═════ Record set

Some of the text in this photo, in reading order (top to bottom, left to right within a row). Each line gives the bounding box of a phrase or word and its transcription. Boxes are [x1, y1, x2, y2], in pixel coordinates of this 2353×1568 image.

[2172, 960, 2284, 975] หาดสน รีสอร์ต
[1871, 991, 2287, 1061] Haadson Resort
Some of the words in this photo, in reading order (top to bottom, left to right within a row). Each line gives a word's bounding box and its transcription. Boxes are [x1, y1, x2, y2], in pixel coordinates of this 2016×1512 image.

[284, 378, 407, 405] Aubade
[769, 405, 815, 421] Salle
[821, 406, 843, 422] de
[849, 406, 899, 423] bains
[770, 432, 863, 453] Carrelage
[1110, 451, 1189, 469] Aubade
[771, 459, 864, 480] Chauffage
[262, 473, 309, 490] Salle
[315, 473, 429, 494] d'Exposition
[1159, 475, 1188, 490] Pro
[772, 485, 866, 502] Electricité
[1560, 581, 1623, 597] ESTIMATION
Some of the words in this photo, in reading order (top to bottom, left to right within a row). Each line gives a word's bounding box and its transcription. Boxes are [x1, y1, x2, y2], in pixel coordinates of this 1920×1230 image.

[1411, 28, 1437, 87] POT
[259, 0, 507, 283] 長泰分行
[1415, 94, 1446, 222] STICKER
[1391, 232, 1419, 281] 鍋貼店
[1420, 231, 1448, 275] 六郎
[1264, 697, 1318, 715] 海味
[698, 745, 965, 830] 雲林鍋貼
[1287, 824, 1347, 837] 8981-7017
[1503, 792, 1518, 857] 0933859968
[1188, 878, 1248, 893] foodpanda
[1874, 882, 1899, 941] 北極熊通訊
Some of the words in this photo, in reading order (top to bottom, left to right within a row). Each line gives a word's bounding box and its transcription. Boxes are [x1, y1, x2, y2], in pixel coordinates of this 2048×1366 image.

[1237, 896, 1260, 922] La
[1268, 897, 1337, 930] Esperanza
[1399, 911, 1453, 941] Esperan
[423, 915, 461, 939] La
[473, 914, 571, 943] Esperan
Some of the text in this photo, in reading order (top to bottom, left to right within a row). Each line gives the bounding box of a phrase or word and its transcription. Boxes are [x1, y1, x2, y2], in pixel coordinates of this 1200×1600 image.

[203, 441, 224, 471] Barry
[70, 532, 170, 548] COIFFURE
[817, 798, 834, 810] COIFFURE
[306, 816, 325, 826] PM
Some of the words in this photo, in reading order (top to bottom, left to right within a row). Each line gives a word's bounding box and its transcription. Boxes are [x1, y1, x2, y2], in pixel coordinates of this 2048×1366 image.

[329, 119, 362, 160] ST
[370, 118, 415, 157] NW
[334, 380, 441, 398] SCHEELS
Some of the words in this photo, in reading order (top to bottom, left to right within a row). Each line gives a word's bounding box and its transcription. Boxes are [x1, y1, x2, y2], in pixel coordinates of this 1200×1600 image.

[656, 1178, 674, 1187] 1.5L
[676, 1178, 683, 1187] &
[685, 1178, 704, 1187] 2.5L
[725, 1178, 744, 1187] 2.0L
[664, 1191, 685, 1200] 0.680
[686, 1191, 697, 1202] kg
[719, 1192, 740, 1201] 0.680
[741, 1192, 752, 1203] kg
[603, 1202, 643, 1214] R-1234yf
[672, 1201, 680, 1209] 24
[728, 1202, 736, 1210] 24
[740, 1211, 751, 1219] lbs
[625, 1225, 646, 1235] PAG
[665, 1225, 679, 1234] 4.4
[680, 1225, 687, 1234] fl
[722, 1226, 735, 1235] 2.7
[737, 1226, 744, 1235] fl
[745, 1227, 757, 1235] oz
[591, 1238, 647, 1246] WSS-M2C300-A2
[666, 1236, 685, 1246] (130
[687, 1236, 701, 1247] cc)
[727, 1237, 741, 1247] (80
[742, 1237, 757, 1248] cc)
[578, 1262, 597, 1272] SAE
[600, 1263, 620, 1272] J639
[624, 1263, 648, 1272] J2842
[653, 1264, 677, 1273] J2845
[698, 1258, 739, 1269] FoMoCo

══════════

The required result is an identical copy of the records above.

Some of the text in this photo, in reading order (top to bottom, left to right within a row). Each line gives the bounding box of a phrase or word and its transcription. Boxes are [x1, y1, x2, y2], in pixel coordinates of this 2353×1568 image.

[2172, 960, 2284, 975] หาดสน รีสอร์ต
[1871, 991, 2287, 1061] Haadson Resort
Some of the words in this photo, in reading order (top to bottom, left to right within a row). Each line gives a word's bounding box and its transcription. Boxes are [x1, y1, x2, y2], in pixel coordinates of this 2016×1512 image.

[284, 378, 407, 405] Aubade
[769, 405, 815, 421] Salle
[821, 406, 843, 422] de
[849, 406, 899, 423] bains
[770, 432, 863, 453] Carrelage
[1110, 451, 1189, 469] Aubade
[771, 459, 864, 480] Chauffage
[262, 473, 309, 490] Salle
[315, 473, 429, 494] d'Exposition
[1159, 475, 1188, 490] Pro
[772, 485, 866, 502] Electricité
[1560, 581, 1623, 597] ESTIMATION
Some of the words in this photo, in reading order (top to bottom, left to right within a row). Each line gives a word's bounding box and its transcription. Boxes are [x1, y1, x2, y2], in pixel coordinates of this 1920×1230 image.

[1411, 28, 1437, 87] POT
[259, 0, 507, 283] 長泰分行
[1415, 94, 1446, 222] STICKER
[1391, 232, 1419, 281] 鍋貼店
[1420, 231, 1448, 275] 六郎
[1264, 697, 1318, 715] 海味
[698, 745, 965, 830] 雲林鍋貼
[1287, 824, 1347, 837] 8981-7017
[1503, 792, 1518, 857] 0933859968
[1188, 878, 1248, 893] foodpanda
[1874, 882, 1899, 941] 北極熊通訊
Some of the words in this photo, in reading order (top to bottom, left to right within a row). Each line gives a word's bounding box and its transcription. Boxes are [x1, y1, x2, y2], in pixel coordinates of this 2048×1366 image.

[1237, 896, 1260, 922] La
[1268, 897, 1337, 930] Esperanza
[1399, 911, 1453, 941] Esperan
[423, 915, 461, 939] La
[473, 914, 571, 943] Esperan
Some of the text in this photo, in reading order (top to bottom, left to right within a row). Each line gives the bounding box of a phrase or word and its transcription. Boxes are [x1, y1, x2, y2], in pixel coordinates of this 1200×1600 image.

[203, 441, 224, 471] Barry
[70, 532, 170, 548] COIFFURE
[817, 798, 834, 810] COIFFURE
[306, 816, 325, 826] PM
Some of the words in this photo, in reading order (top to bottom, left to right within a row). Each line gives a word's bounding box and its transcription. Boxes are [x1, y1, x2, y2], in pixel coordinates of this 2048×1366 image.

[329, 119, 362, 160] ST
[370, 118, 415, 157] NW
[334, 380, 441, 398] SCHEELS
Some of the words in this photo, in reading order (top to bottom, left to right within a row). Each line gives a word's bounding box and its transcription. Boxes are [x1, y1, x2, y2], in pixel coordinates of this 1200×1600 image.

[656, 1178, 674, 1187] 1.5L
[676, 1178, 683, 1187] &
[685, 1178, 704, 1187] 2.5L
[725, 1178, 744, 1187] 2.0L
[664, 1191, 685, 1200] 0.680
[686, 1191, 697, 1202] kg
[719, 1192, 740, 1201] 0.680
[741, 1192, 752, 1203] kg
[603, 1202, 643, 1214] R-1234yf
[672, 1201, 680, 1209] 24
[728, 1202, 736, 1210] 24
[740, 1211, 751, 1219] lbs
[625, 1225, 646, 1235] PAG
[665, 1225, 679, 1234] 4.4
[680, 1225, 687, 1234] fl
[722, 1226, 735, 1235] 2.7
[737, 1226, 744, 1235] fl
[745, 1227, 757, 1235] oz
[591, 1238, 647, 1246] WSS-M2C300-A2
[666, 1236, 685, 1246] (130
[687, 1236, 701, 1247] cc)
[727, 1237, 741, 1247] (80
[742, 1237, 757, 1248] cc)
[578, 1262, 597, 1272] SAE
[600, 1263, 620, 1272] J639
[624, 1263, 648, 1272] J2842
[653, 1264, 677, 1273] J2845
[698, 1258, 739, 1269] FoMoCo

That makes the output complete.